Segment Start: WORKING DATA
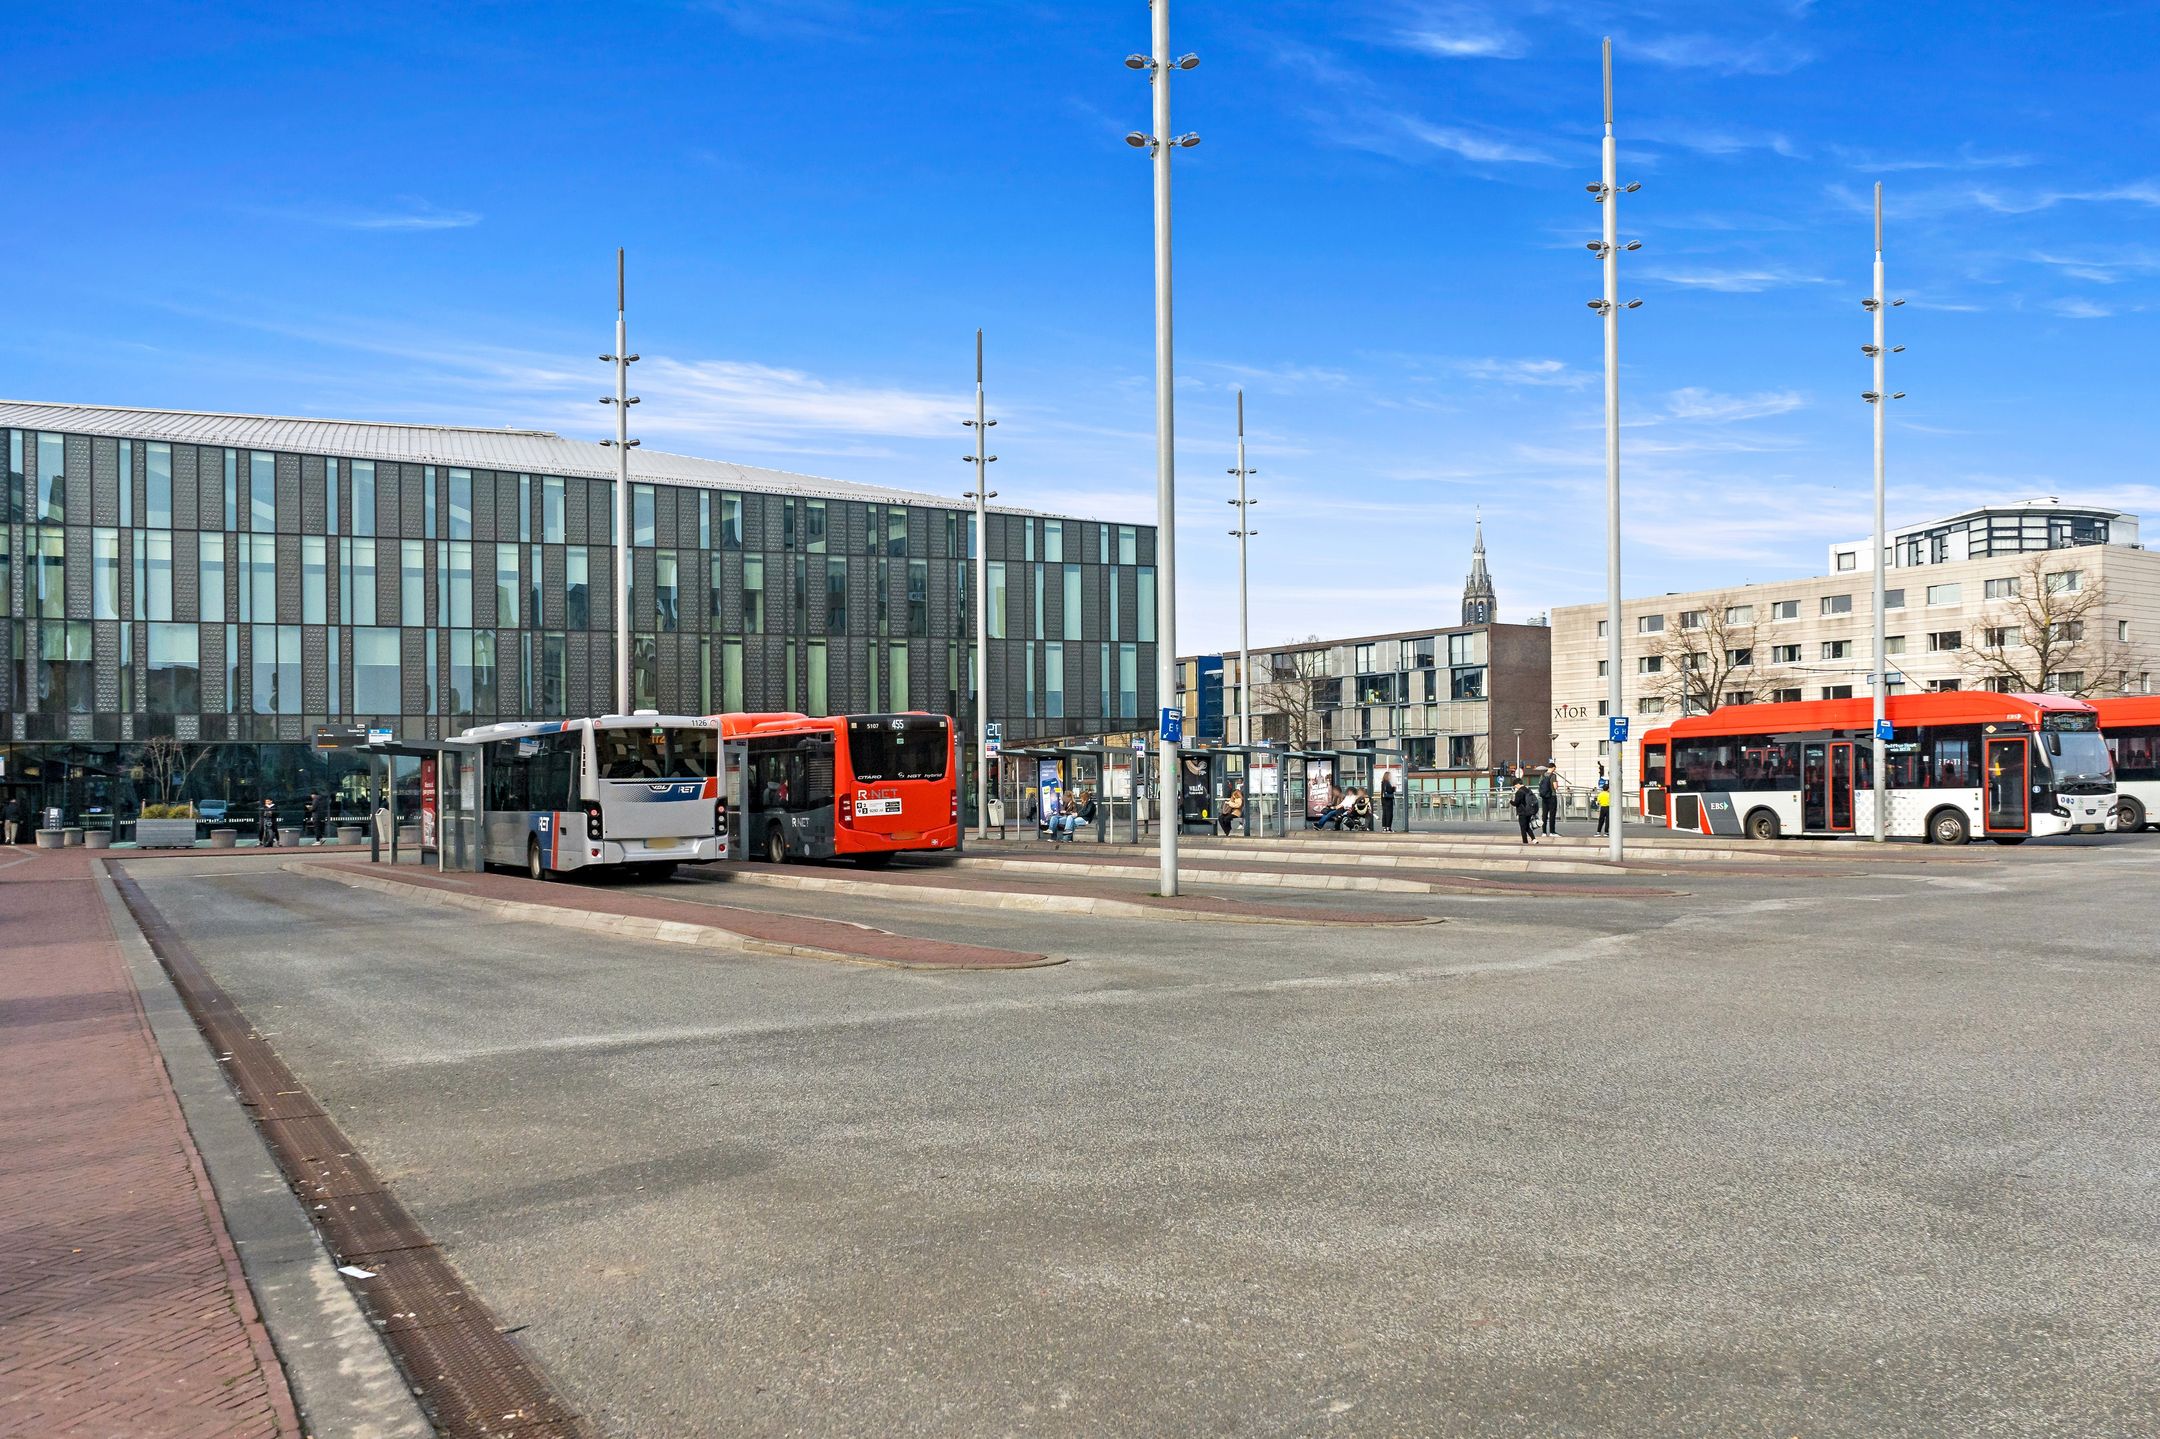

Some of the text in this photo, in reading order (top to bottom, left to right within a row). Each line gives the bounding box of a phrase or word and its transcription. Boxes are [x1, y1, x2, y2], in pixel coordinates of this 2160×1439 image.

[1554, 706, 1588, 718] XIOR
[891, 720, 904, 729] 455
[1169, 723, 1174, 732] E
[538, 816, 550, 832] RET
Segment End: WORKING DATA
▸ WORK REQUIRED:
All of the data is to be reproduced exactly, with the pictures left out.

▸ ANSWER BOX:
Some of the text in this photo, in reading order (top to bottom, left to right within a row). Each line gives the bounding box of a phrase or word and its transcription. Boxes are [x1, y1, x2, y2], in pixel coordinates of this 2160×1439 image.

[1554, 706, 1588, 718] XIOR
[891, 720, 904, 729] 455
[1169, 723, 1174, 732] E
[538, 816, 550, 832] RET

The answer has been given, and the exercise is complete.